Gut. Mein Blick sprang vom Mann zur Frau. Jetzt war ich interessiert.

»Wir haben damals ermittelt«, sagte Fred freundlich. »Er ist aus freien Stücken Werwolf geworden.«

Ah. Langsam ergab das Auftreten der Clarkes Sinn.

»Unser Sohn hätte diesen Weg nie freiwillig gewählt – er muss dazu gezwungen worden sein«, raunte Mr Clarke. Mit bebender Brust rang er um Fassung. Aber Freds wachsendes Selbstvertrauen und seine Worte taten die erwünschte Wirkung, und das Paar beruhigte sich. Guter Junge. Ich wusste doch, dass er das Zeug dazu hatte.

»Ich gehe jetzt, damit die Befragung weitergehen kann«, sagte ich. »PC Hackert wird dafür Sorge tragen, dass jeder kleinsten Spur nachgegangen wird.« Ich verließ die drei. Als ich die Tür geschlossen hatte, klangen die Clarkes schon vernünftiger und weniger schrill.

Lizas Kopf erschien am anderen Ende des Flurs, wo das große Büro lag. »Sind sie noch da?«, fragte sie flüsternd.

Ich nickte. Sie verzog das Gesicht und trat sicherheitshalber den Rückzug ins Büro an. Ich folgte ihr.

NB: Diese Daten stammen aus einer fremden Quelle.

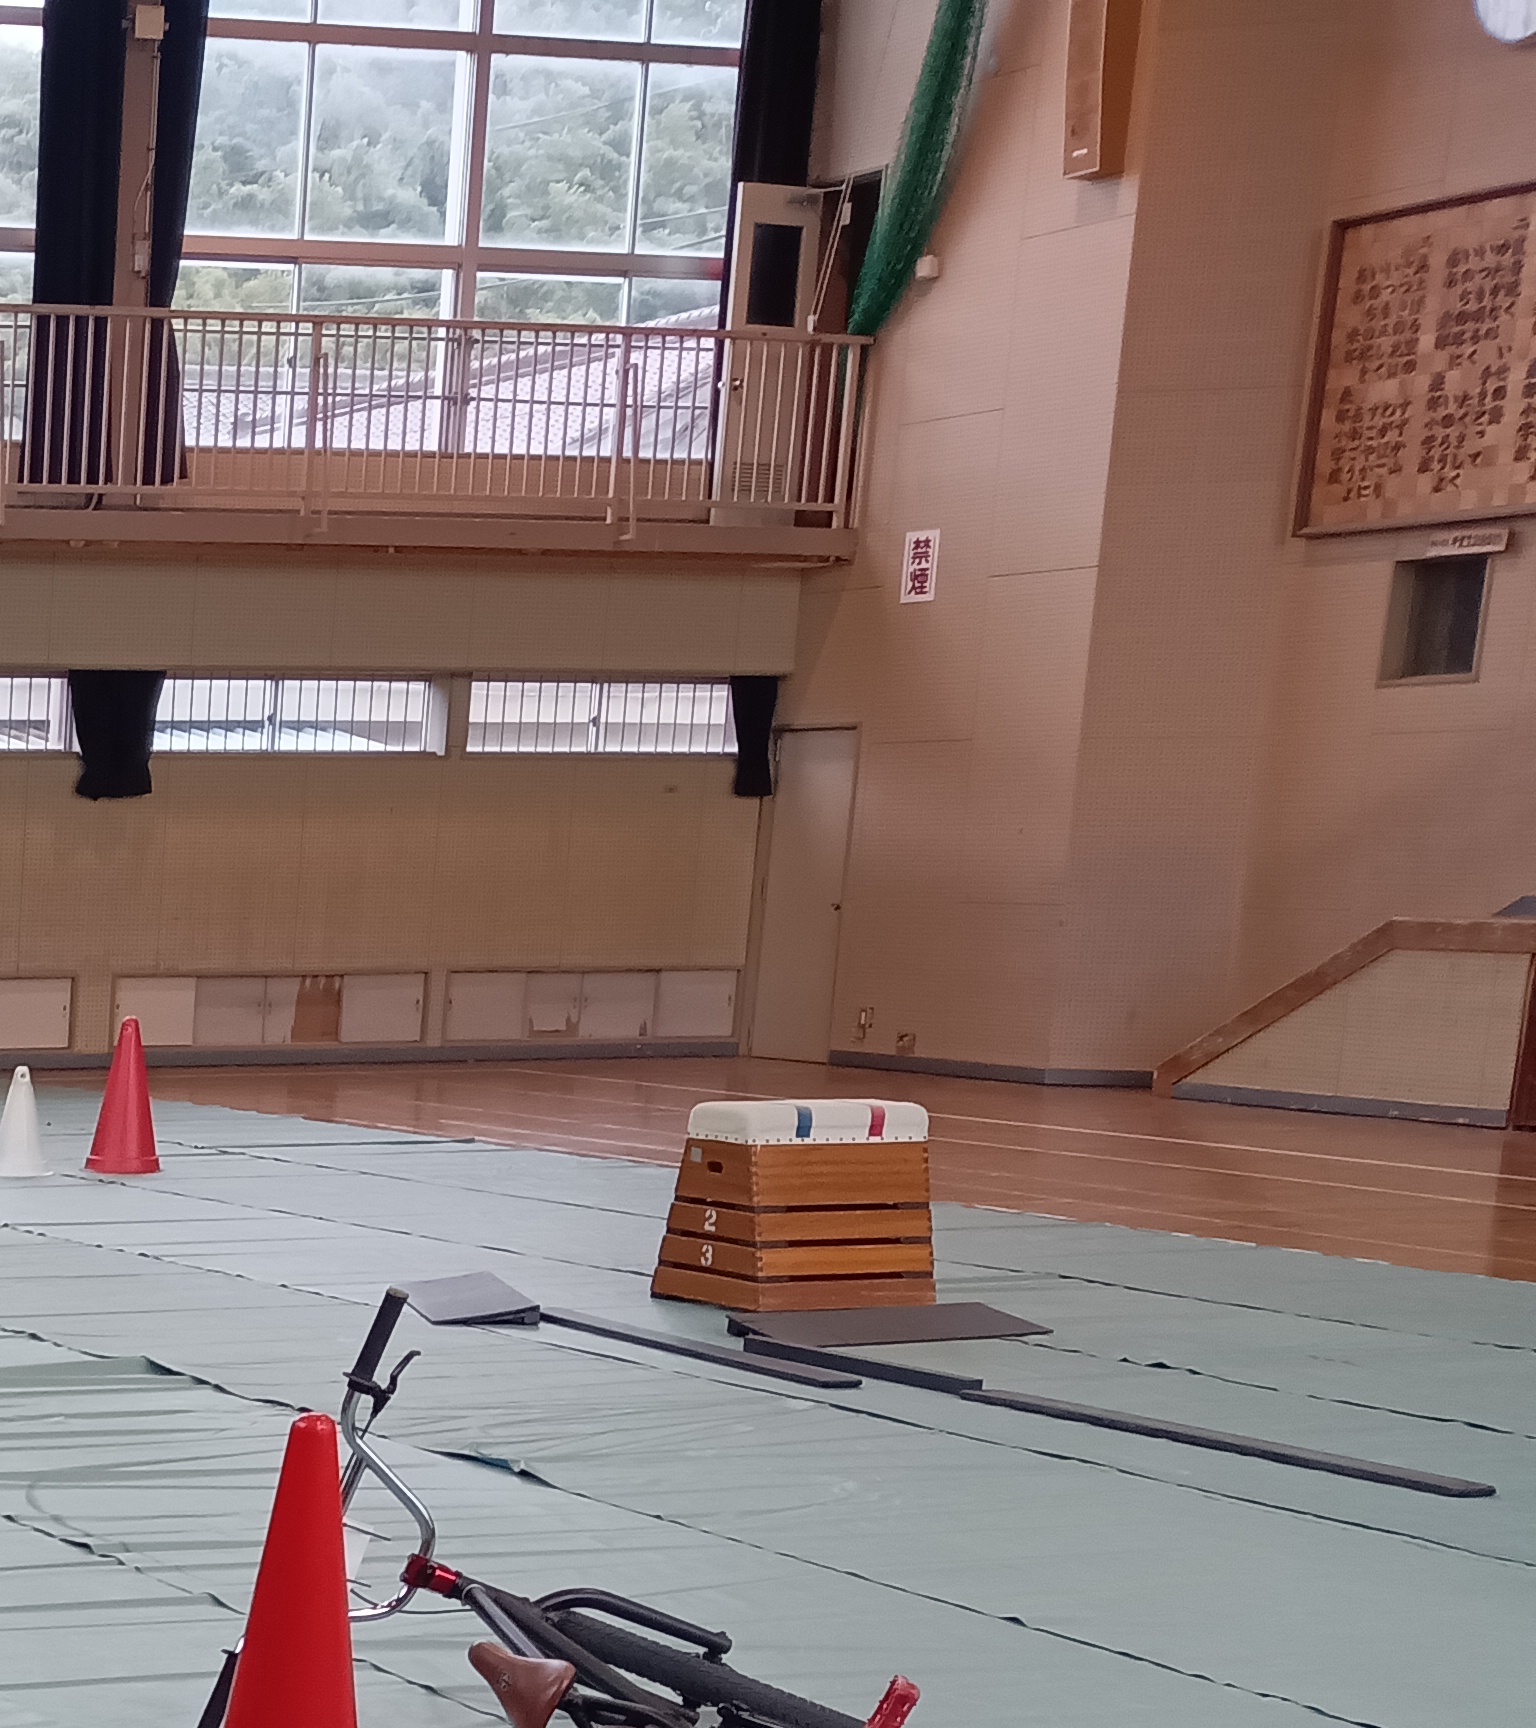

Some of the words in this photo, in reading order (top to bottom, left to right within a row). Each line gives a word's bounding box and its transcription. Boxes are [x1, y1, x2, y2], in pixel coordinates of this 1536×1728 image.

[907, 536, 931, 595] 禁煙
[704, 1208, 717, 1232] 2
[700, 1244, 713, 1267] 3

»Die beiden sind verrückt«, raunte sie und winkte mit einer Akte. »Ständig kommen sie. Schikane. Entführung. Mord. Sie haben sogar behauptet, der Carr-Clan sei eine Sex-Sekte.«

»Und das alles hat mit ihrem Sohn zu tun?«

Liza nickte. »Julian. An seinem achtzehnten Geburtstag hat er bei allen vier Werwolf-Clans offiziell um Aufnahme ersucht.«

»Er wollte ein Wolf werden?«

»Ja. Vermutlich konnte er es kaum erwarten, der Familie zu entrinnen.«

Ich ging zum Wasserkocher, vergewisserte mich, dass er voll war, schaltete ihn ein und fragte: »Kaffee?«

Liza lehnte ab. »Ich habe Saft, danke. Aber einen Keks nehme ich.«

Grinsend warf ich ihr einen zu, und geschickt fing sie ihn mit einer Hand auf.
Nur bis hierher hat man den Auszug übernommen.